This actually feels pretty close to my thinking on it. Every time I start to think along the lines of, those Palestinians did get a pretty raw deal, getting booted off of their land effectively permanently mostly due to things that had nothing to do with them, they go and do something so freaking savage that it's hard to think anything but that the only thing they deserve is the same savagery pointed right back at them.
The left / blue team tries to excuse it with "that's how the oppressed naturally behave", to which I would reply that plenty of groups have managed to rebel against oppression without resorting to the laundry list of awful things the Palestinians have been known for.

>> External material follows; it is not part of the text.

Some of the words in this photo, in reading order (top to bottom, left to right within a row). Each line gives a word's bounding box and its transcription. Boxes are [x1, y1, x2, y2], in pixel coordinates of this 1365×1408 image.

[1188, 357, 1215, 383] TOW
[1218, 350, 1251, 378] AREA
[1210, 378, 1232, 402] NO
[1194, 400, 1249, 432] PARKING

I agree with that. Then, of course - like an awful lot of oppressed people whose way of relating to each other is the paradigm of oppressor and oppressed - they turned around and engaged in savagery. Like, I feel for the Palestinians, but the guys who decided to open a war by attacking a music festival and then parading the corpses around seem to have erred badly. Even leaving morality aside, this looks like it might just be a ploy to goad Israel and perhaps the West into an equally savage response. What is the ultimate purpose of this kind of thing for Hamas? Who benefits? What does "victory" look like? Even if we're being uncharitable and it's "Drive the Israelis out of Israel, kill those that won't leave, and control the territory there", deliberately attacking civilians hardens resolve and makes you look like a bunch of savages to Westerners...the ones with the boatloads of guns and ammo and bombs.